Partners at the City
And when Pinderhughes reaches out to people like City Administrator Naomi Kelly to place fellows, the answer is yes. That’s the original vision for the program, which Willie L. Brown, Jr. (B.A., ’55), the former mayor of San Francisco and former California State Assembly speaker, started in 2008. Pinderhughes works with seasoned city and county officials to find each fellow a position that directly facilitates his or her career aspiration, a laborious behind-the-scenes matching process she calls “the real secret behind our success.”
For City Administrator Kelly, mentorship is personal — Brown hired her right out of college, encouraged her to go to law school and guided her career as she moved through the ranks at the City. Her office regularly welcomes interns from throughout San Francisco’s neighborhoods. “If they want to come and work with me in the City Administrator’s Office and have an interest in public service, then I open up my doors.”
Walker is her office’s first Willie Brown Fellow.
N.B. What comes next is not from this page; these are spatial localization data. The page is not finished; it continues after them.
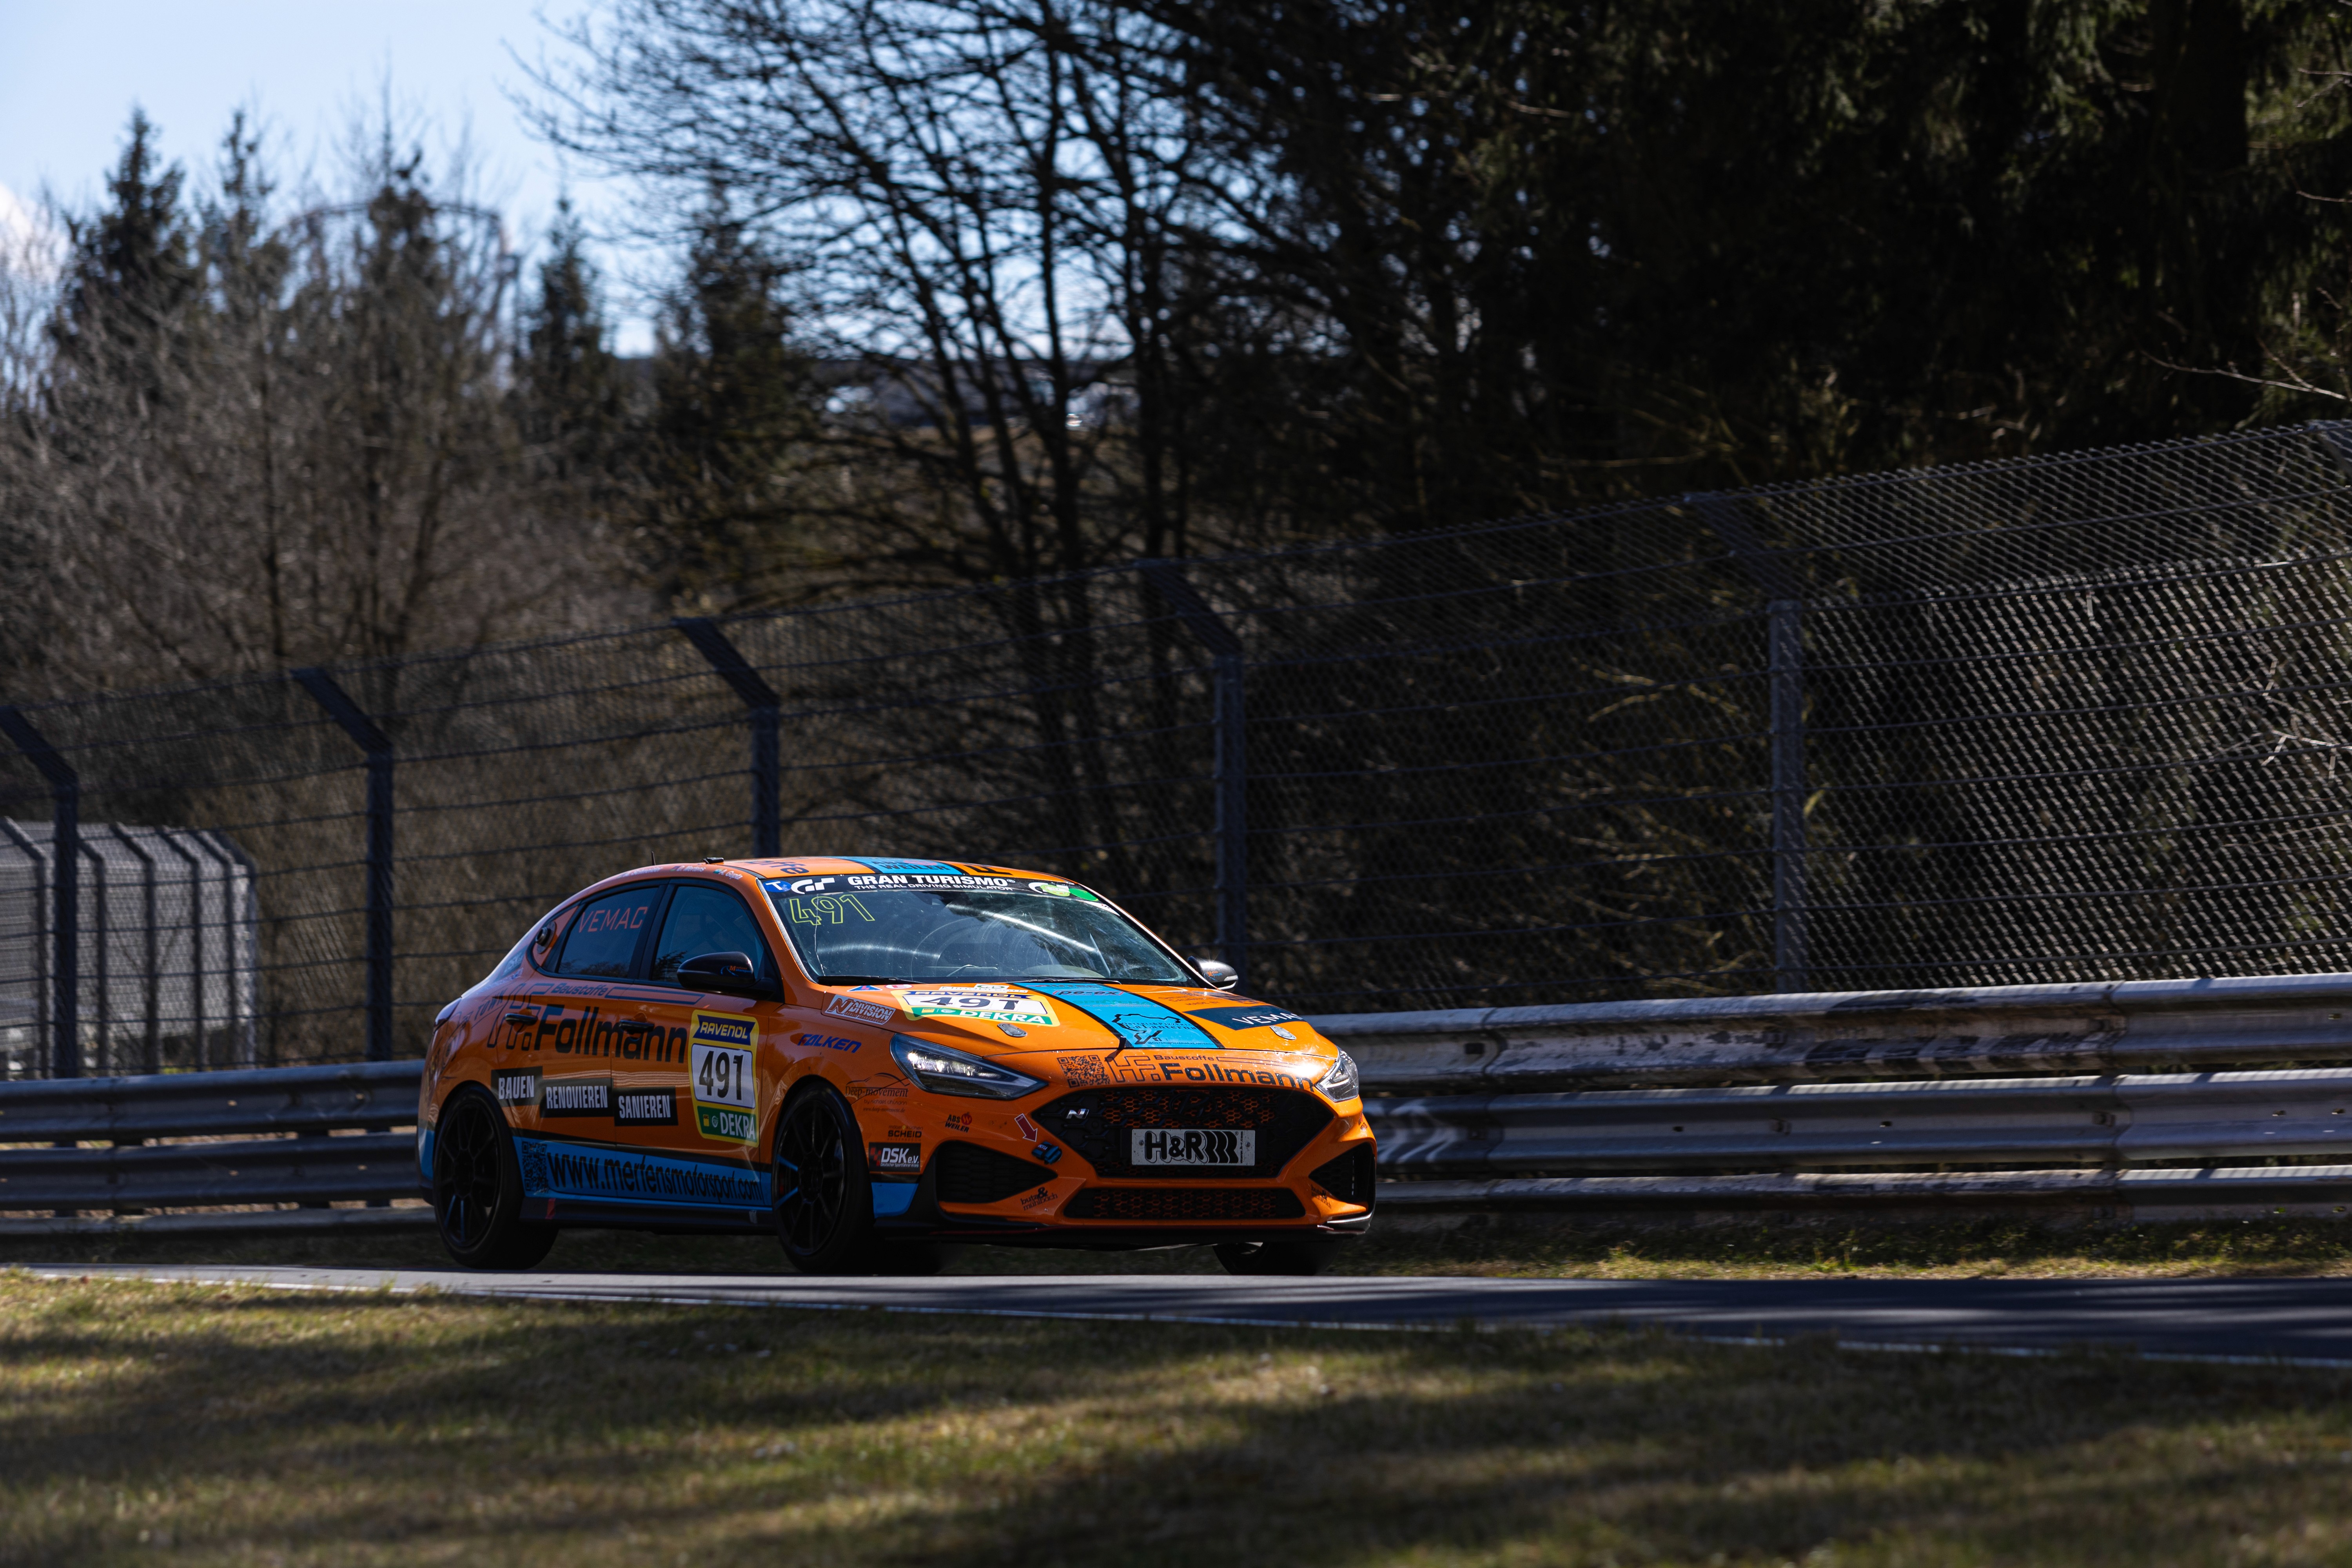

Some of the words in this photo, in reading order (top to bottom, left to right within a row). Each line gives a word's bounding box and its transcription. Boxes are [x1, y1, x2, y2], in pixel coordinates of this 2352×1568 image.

[848, 875, 908, 886] GRAN
[579, 906, 648, 933] VEMAC
[789, 894, 875, 926] 491
[552, 983, 608, 996] Baustoffe
[851, 1001, 894, 1020] DIVISION
[919, 997, 1019, 1010] 491
[960, 1009, 1045, 1024] DEKRA
[534, 1004, 688, 1063] Follmann
[700, 1022, 748, 1039] RAVENOL
[797, 1034, 862, 1053] FALKEN
[699, 1051, 744, 1100] 491
[1159, 1063, 1314, 1093] Follmann
[498, 1075, 535, 1100] BAUEN
[546, 1085, 608, 1109] RENOVIEREN
[619, 1095, 671, 1119] SANIEREN
[845, 1086, 909, 1098] Deep-movement
[720, 1112, 755, 1140] DEKRA
[945, 1121, 969, 1132] WEILER
[947, 1114, 960, 1123] ABS
[880, 1147, 909, 1163] DSK
[907, 1155, 919, 1163] e.V.
[547, 1152, 762, 1203] www.mertensmotorsport.com
She ticks off some of the disjointed to-do list they exposed him to: measuring performance for animal care and control; developing policy to address the out-migration of African-Americans; evaluating software that measures the efficiency of the city’s fleets; working with different divisions on their budgets. “The array of topics he was able to touch on is kind of exciting,” she says.
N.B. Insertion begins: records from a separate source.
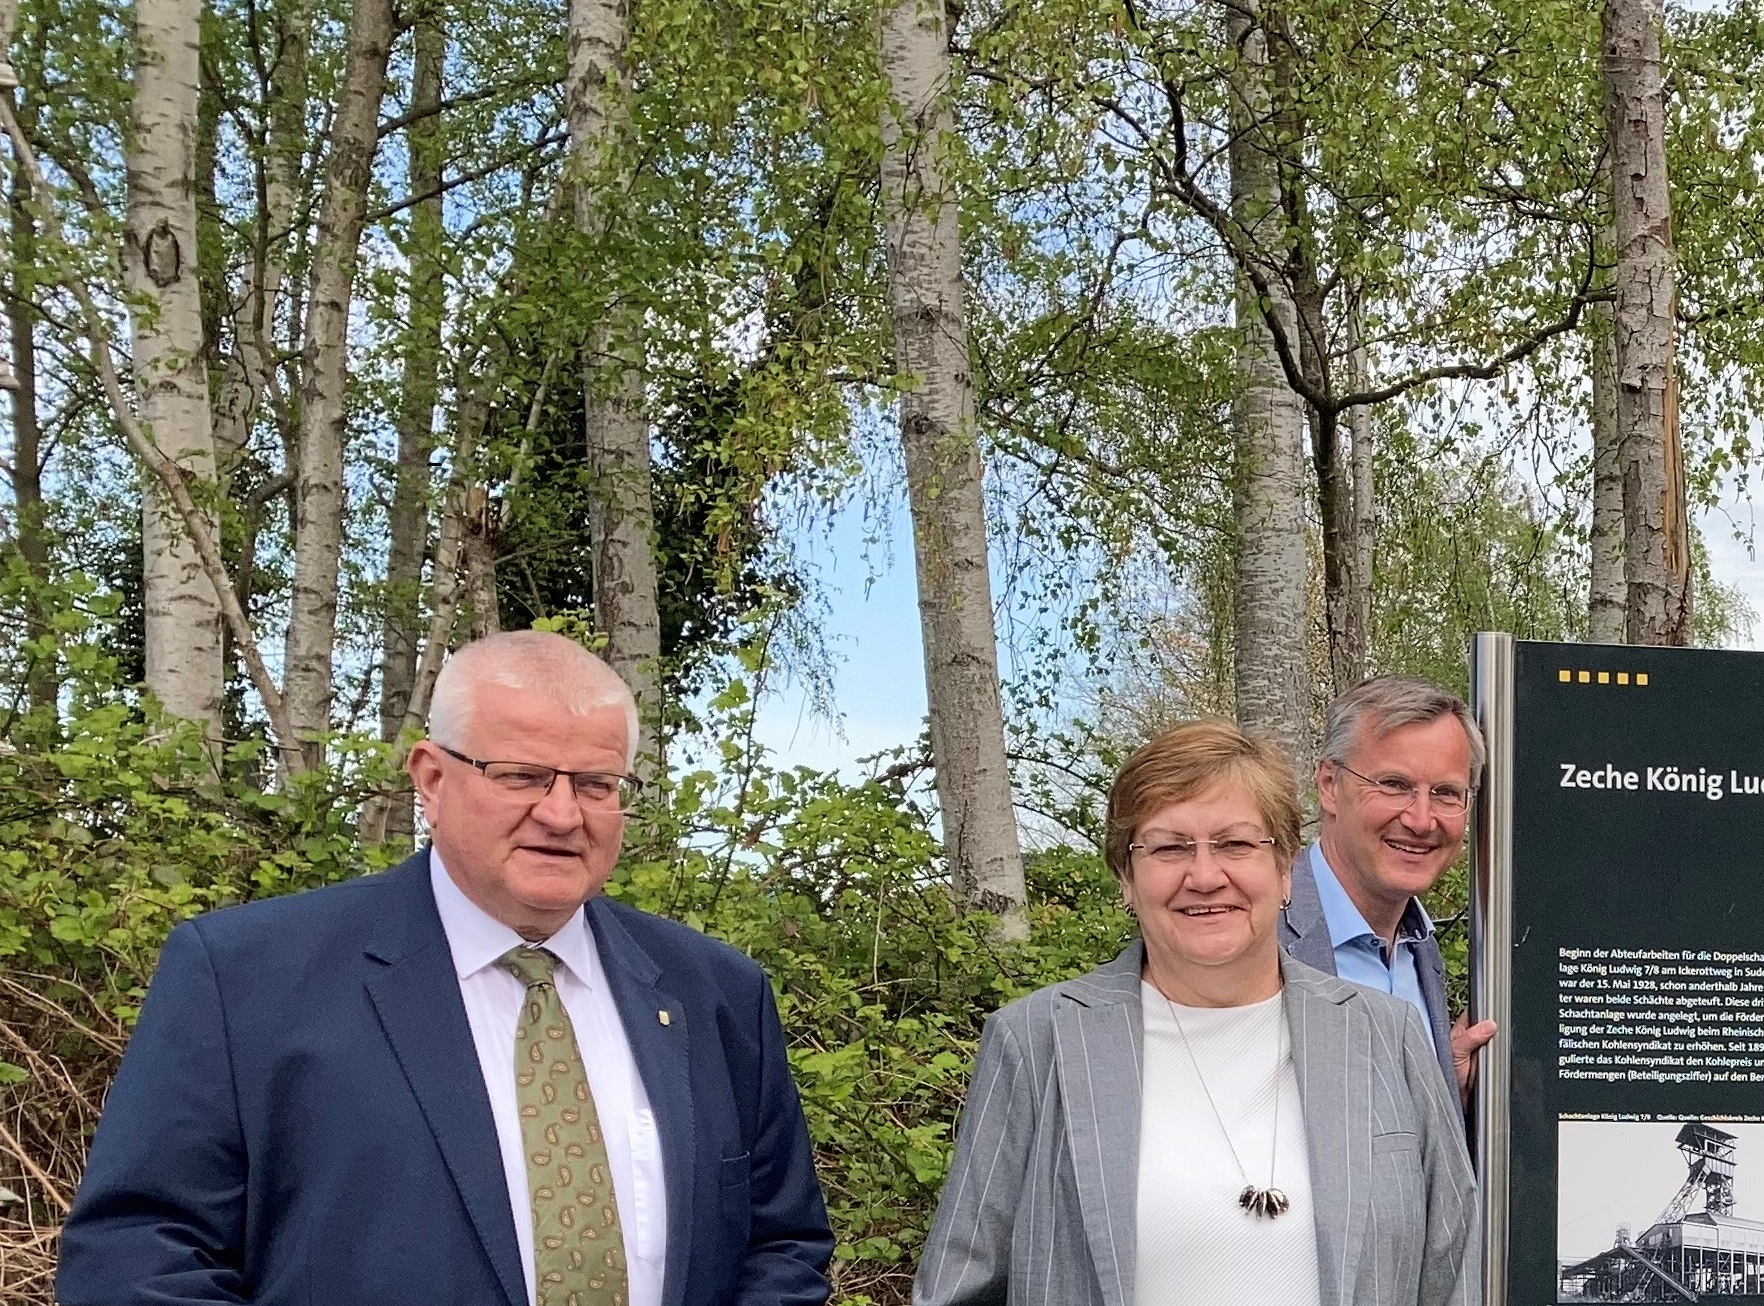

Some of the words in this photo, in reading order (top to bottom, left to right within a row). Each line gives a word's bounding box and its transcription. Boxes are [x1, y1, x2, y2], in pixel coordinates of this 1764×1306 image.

[1560, 763, 1638, 790] Zeche
[1647, 766, 1723, 801] König
[1559, 948, 1591, 961] Beginn
[1593, 949, 1609, 958] der
[1610, 949, 1680, 960] Abteufarbeiten
[1682, 950, 1696, 961] für
[1697, 951, 1712, 961] die
[1559, 963, 1579, 975] lage
[1581, 964, 1607, 976] König
[1609, 964, 1642, 977] Ludwig
[1644, 965, 1660, 976] 7/8
[1678, 966, 1733, 979] Ickerottweg
[1734, 967, 1743, 977] in
[1579, 979, 1595, 989] der
[1597, 980, 1611, 989] 15.
[1613, 980, 1631, 989] Mai
[1633, 980, 1658, 991] 1928,
[1660, 981, 1687, 991] schon
[1688, 981, 1738, 992] anderthalb
[1740, 982, 1764, 992] Jahre
[1559, 994, 1573, 1004] ter
[1574, 996, 1604, 1004] waren
[1606, 994, 1632, 1005] beide
[1633, 995, 1674, 1006] Schächte
[1675, 996, 1724, 1009] abgeteuft.
[1725, 997, 1750, 1007] Diese
[1559, 1009, 1625, 1022] Schachtanlage
[1627, 1010, 1656, 1020] wurde
[1658, 1011, 1701, 1024] angelegt,
[1719, 1012, 1734, 1022] die
[1559, 1024, 1588, 1036] ligung
[1589, 1024, 1605, 1034] der
[1606, 1025, 1634, 1035] Zeche
[1635, 1025, 1662, 1038] König
[1663, 1026, 1696, 1038] Ludwig
[1697, 1026, 1720, 1036] beim
[1558, 1039, 1600, 1049] fälischen
[1602, 1040, 1672, 1052] Kohlensyndikat
[1674, 1043, 1684, 1051] zu
[1686, 1042, 1726, 1052] erhöhen.
[1728, 1042, 1746, 1052] Seit
[1558, 1054, 1594, 1067] gulierte
[1596, 1055, 1612, 1064] das
[1615, 1055, 1684, 1068] Kohlensyndikat
[1686, 1056, 1704, 1066] den
[1705, 1057, 1752, 1069] Kohlepreis
[1559, 1069, 1626, 1082] Fördermengen
[1628, 1070, 1712, 1084] (Beteiligungsziffer)
[1713, 1072, 1729, 1081] auf
[1730, 1072, 1748, 1082] den
Walking through the building’s Doric-column-lined corridors, Walker anticipated a weighty-sounding topic for his main project, so he was surprised to find that his work would focus on puppies and kittens. He soon learned that city management involves all facets of urban life — even ones with cute, furry faces. Working under Kelly’s budget and planning director Adam Nguyen, Walker analyzed a proposed change to the city’s animal vaccination schedule.
Nguyen says doing analyst work has enormous value for a future manager. “How many times do we vaccinate, what are the best practices, what are other municipalities doing around this? Then doing a cost-benefit analysis… and what are the tradeoffs and considerations along the way?” Gathering and assessing such facts yourself, he says, helps you to determine whether the information others present to you “is valid—if they’ve asked the right questions, if they have the information they need” to inform policy and operations-management decisions.
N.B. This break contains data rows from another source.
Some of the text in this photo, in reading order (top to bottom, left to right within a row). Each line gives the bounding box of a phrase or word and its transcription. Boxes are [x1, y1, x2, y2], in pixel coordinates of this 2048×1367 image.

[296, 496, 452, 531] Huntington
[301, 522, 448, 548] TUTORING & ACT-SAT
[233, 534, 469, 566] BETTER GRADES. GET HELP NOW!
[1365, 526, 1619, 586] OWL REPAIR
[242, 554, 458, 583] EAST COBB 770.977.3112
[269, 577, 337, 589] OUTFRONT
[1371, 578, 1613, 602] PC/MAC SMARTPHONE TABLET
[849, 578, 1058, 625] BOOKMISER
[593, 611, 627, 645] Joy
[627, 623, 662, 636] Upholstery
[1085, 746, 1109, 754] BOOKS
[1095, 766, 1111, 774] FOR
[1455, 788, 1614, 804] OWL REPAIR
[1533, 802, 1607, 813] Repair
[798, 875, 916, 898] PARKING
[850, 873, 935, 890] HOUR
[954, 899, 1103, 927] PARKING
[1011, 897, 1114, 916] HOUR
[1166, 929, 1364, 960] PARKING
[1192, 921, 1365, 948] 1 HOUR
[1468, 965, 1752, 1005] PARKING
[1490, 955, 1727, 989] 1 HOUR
City managers pivot topics every hour or less, Kelly adds, so sharp analytical skills are important. “You’ve got to be able to think fast and on your feet.”
Nguyen also taught Walker that strong teamwork skills can make government more efficient. “Every step he showed me, ‘Now look, if you do this, you’re making it easier for the next person who has to pick this up and make something happen with this project,’” Walker recalls.
In addition to his project, he shadowed Kelly and others to a range of meetings, from listening to the mayor and department heads wrestle with public policy issues to reviewing purchase orders with division-based analysts. The internship, including the most challenging parts, strengthened Walker’s resolve to become a city manager.